In 1999, the band recorded their sophomore album, Rituals of Life, which saw their debut on Solid State Records. With the album out, the band released a music video for their song "Second Chances". In 2001, the band began writing and recording their third album, which would be titled A Revolution Transmission. In 2003, the band released Engage, which would be their third and final album with Solid State and their fourth studio album, which was well received. Stretch Arm Strong signed to We Put Out Records, a label on East West (an imprint of the Warner Music Group), having fulfilled their deal with Solid State. Their most recent album, Free at Last, was recorded in April and May 2005 with James Paul Wisner and released late that same year. A video for the song "The Sound of Names Dropping" was released that year. In 2005, the band shared the stage with the famed funk musician George Clinton.

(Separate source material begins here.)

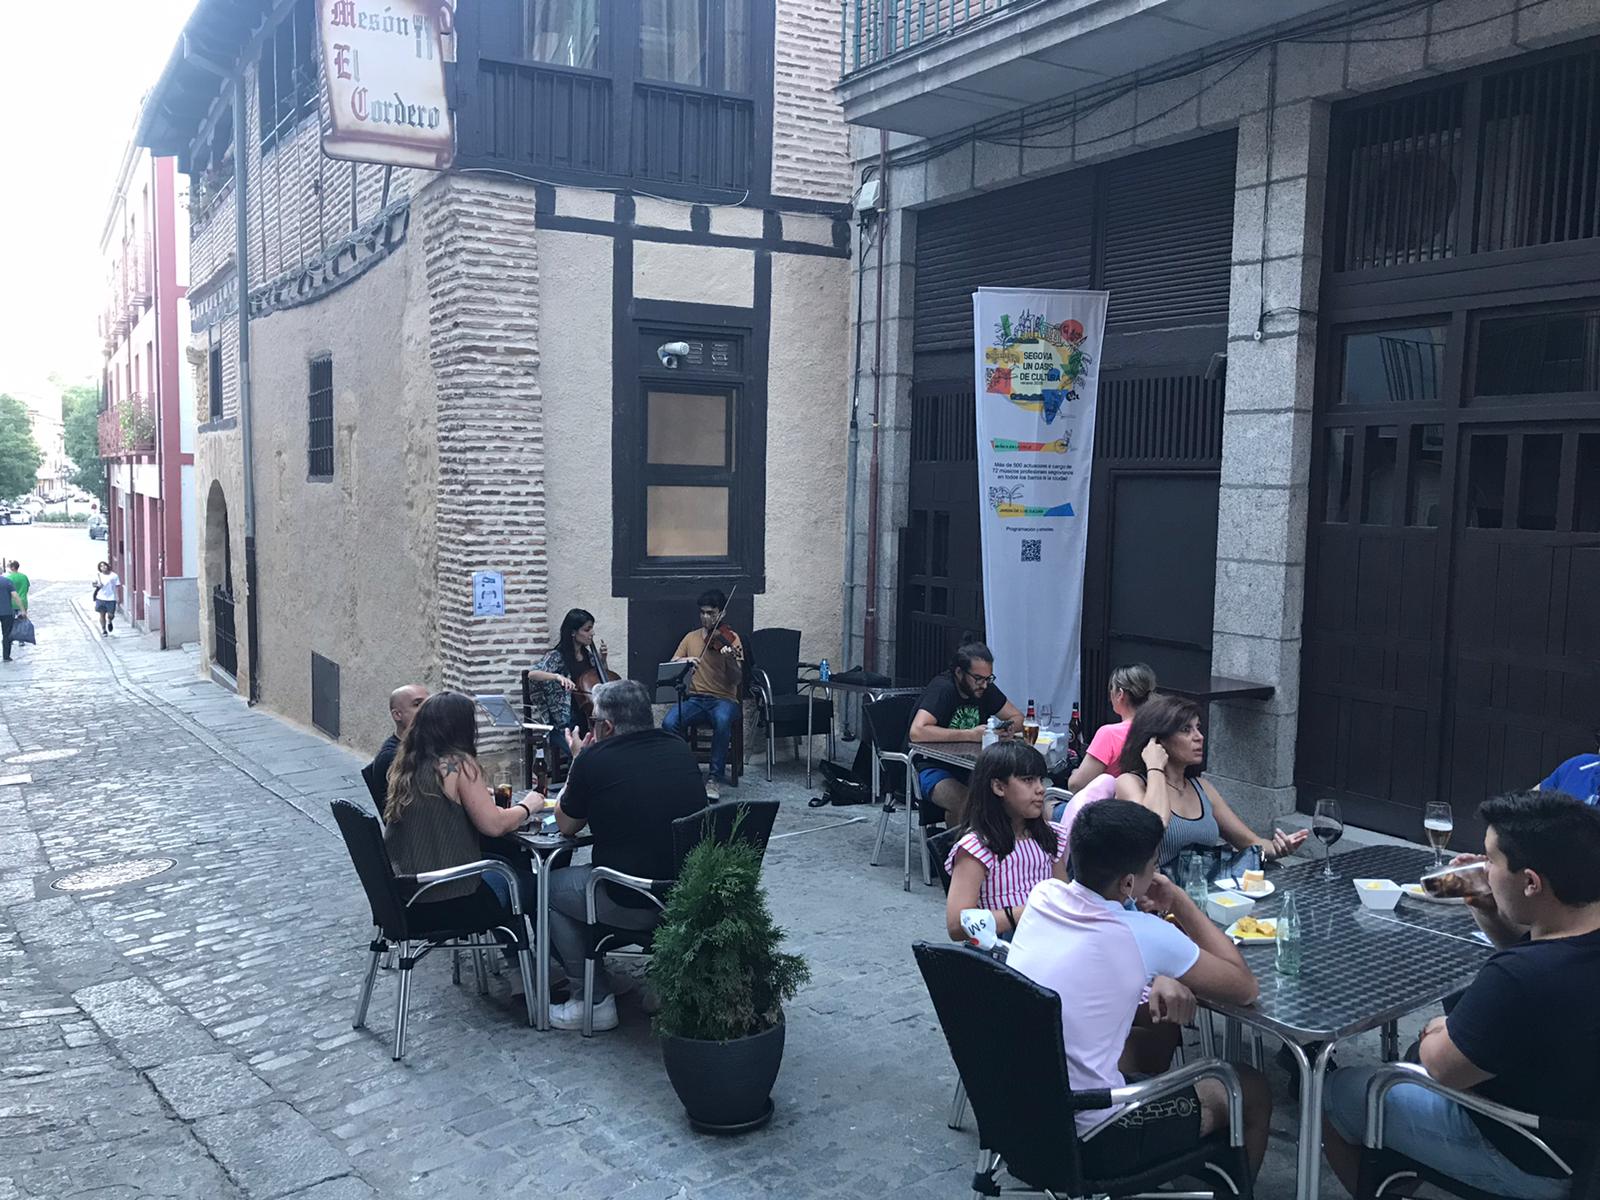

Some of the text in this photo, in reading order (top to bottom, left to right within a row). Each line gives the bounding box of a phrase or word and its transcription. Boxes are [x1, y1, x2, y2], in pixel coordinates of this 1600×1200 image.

They have mostly been inactive since 2005, reuniting in 2009 for a few benefit shows with Evergreen Terrace and Bane and for a one-off show at Within These Walls in 2011. The band is set to reunite for Furnace Fest in 2021.

In early 2022, Stretch Arm Strong announced that they had partnered with Iodine Recordings to re-issue "Rituals of Life" and other titles from their catalog. The band also alluded to writing new music.

==Members==
Current members
- Chris McLane – vocals (1995–2011, 2020–present), bass (1994–1995)
- David Sease – guitar (1992–2011, 2020–present)
- John Barry – drums (1992–2011, 2020–present)
- Scott Dempsey – guitar (1992–2004, 2011, 2020–present)
- Jeremy Jeffers – bass (1997–2006, 2011, 2020–present), guitar (2004–2006)

Former members
- Matt McCarty – bass (1992–1994), vocals (1992–1995)
- James Miller – vocals (1992)
- Donnie Raines – bass (1995–1996)
- Shawn Williams – bass (1996–1997)
- Juan Carlos "JC" Lopez – guitar (2004–2006)
- Glen Calder – guitar (2006–2010)
- Chris Andrews – bass (2006–2010)

Touring members
- Jonathan Rej – bass (2000)
- Sean McGuckin – bass (2006)

Timeline

==Discography==

Studio albums
- Compassion Fills the Void (1998, Uprising Records)
- Rituals of Life (1999, Solid State Records)
- A Revolution Transmission (2001, Solid State Records)
- Engage (2003, Solid State Records)
- Free at Last (2005, We Put Out Records)

Studio EPs
- Not Without Resistance (1995, Insurgent Sounds Records)
- It Burns Clean EP (2000, Reflections Records)
- The Revealing (2024, Iodine Recordings)

Splits
- Bedlam Hour / Stretch Arm Strong Split (1993, Insurgent Sounds Records/Koogle Records)
- Forget the Differences (1996, Insurgent Sounds Records)
- I Stand Alone (2000, I Stand Alone Records; split with xDISCIPLEx A.D.)